Meanwhile, in other programming languages

Java: (new URL("http://foo.com")).equals(new URL("http://bar.foo.com")) returns true if they both resolve to the same IP. Not only does that plainly suck, the effects are that a) equality of two URL objects - two names, as it were - is dependent on whether or not you are connected to the Internet, and b) checking an object’s intrinsic identity and comparing it against another’s requires DNS server access. I have no words.

C#: Extensions are like Objective-C categories but different. This is funny because I thought categories would never come to C#. The ‘non-hacking’ use of categories has always been to split up a class definition into several distinct modules, and this was introduced more rigidly in C# 2.0 with partial, which is only allowed for the class within the same namespace in the same assembly (generated binary or general project grouping).

Pretzel Prototyping

From the same Shawn that gets stuff into A List Apart: Philly pathways world’s largest Pretzel. Also: What the fuck are those charts called? Shawn is an information usability designer thingamacheif, and he doesn’t know either.

CSS Validation + SubEthaEdit/ThisService

I can’t believe I missed this: ssp offers an AppleScript for easily validating selected CSS text.
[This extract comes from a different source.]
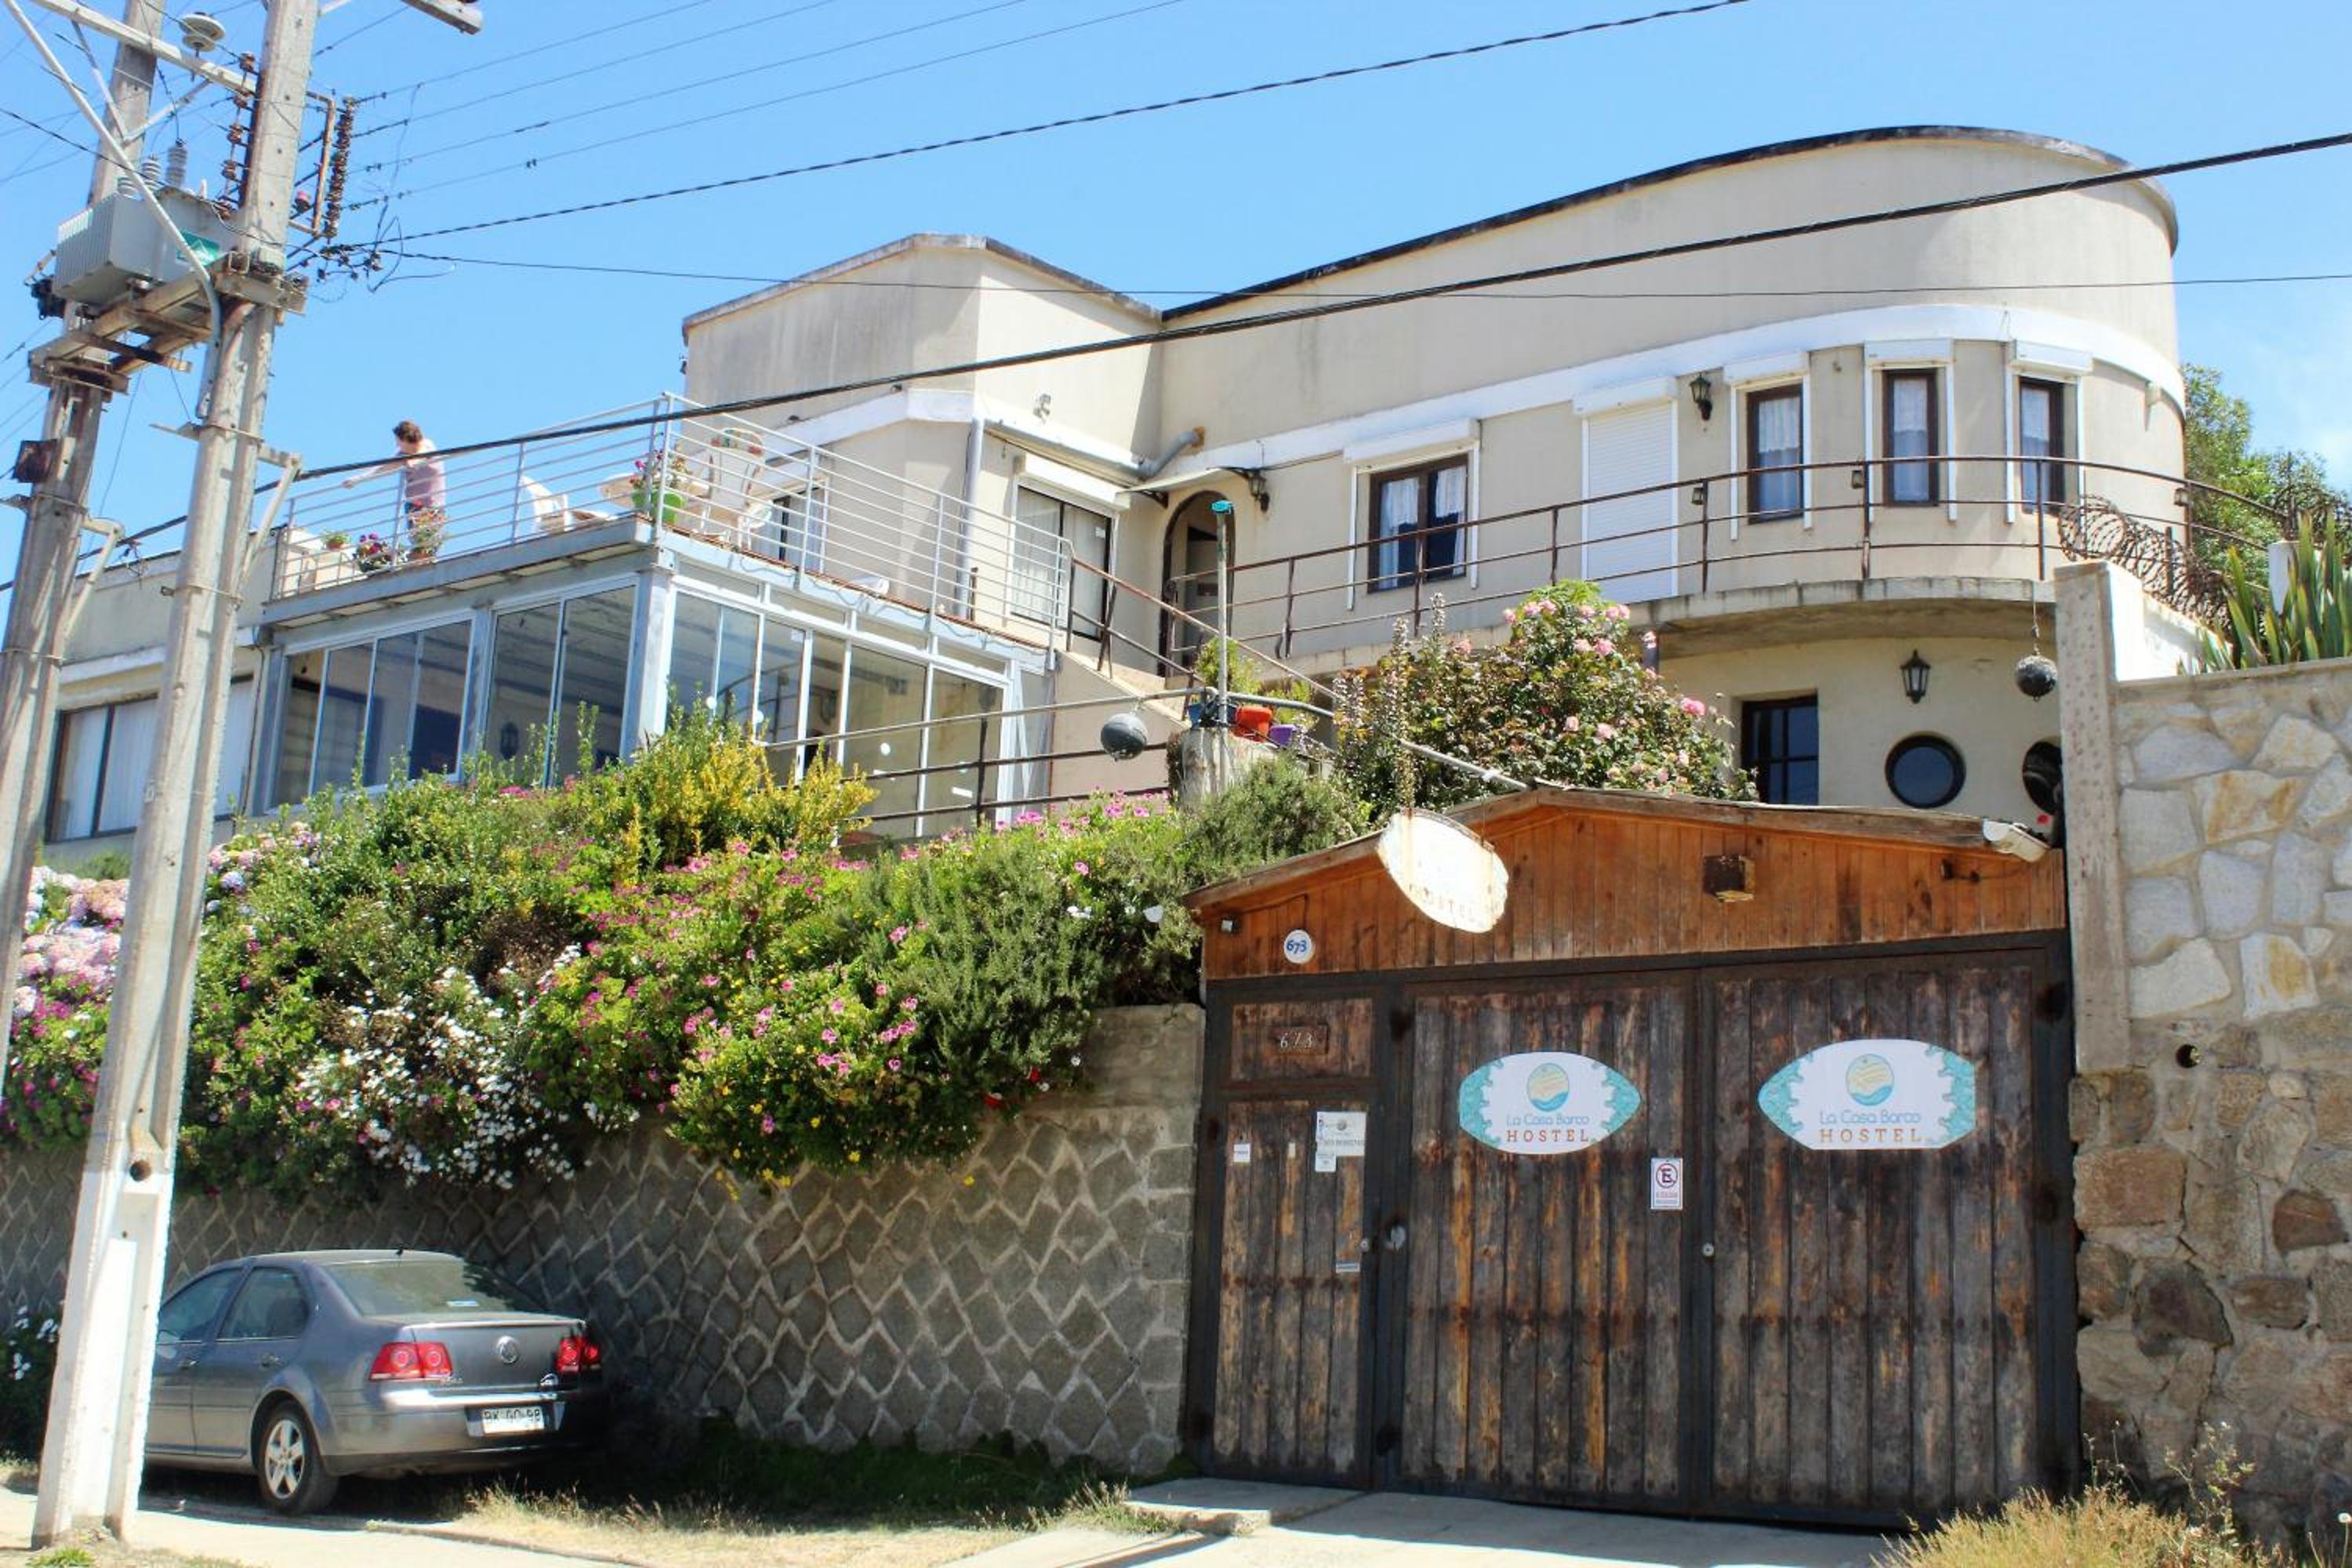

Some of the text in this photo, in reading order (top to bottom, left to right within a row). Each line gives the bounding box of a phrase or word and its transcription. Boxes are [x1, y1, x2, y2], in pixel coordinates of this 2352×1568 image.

Selected text in either SubEthaEdit, that is, or ThisService.

I’m telling you, making ThisService AppleScripts use a handler (here: entry-point function call) rather than just running a script has definitely been one of the best five decisions I’ve made in the past six months.

ThithThervithe

newLISPer explains how to write ThisService service scripts in newLISP and offers up a few examples.

Older posts »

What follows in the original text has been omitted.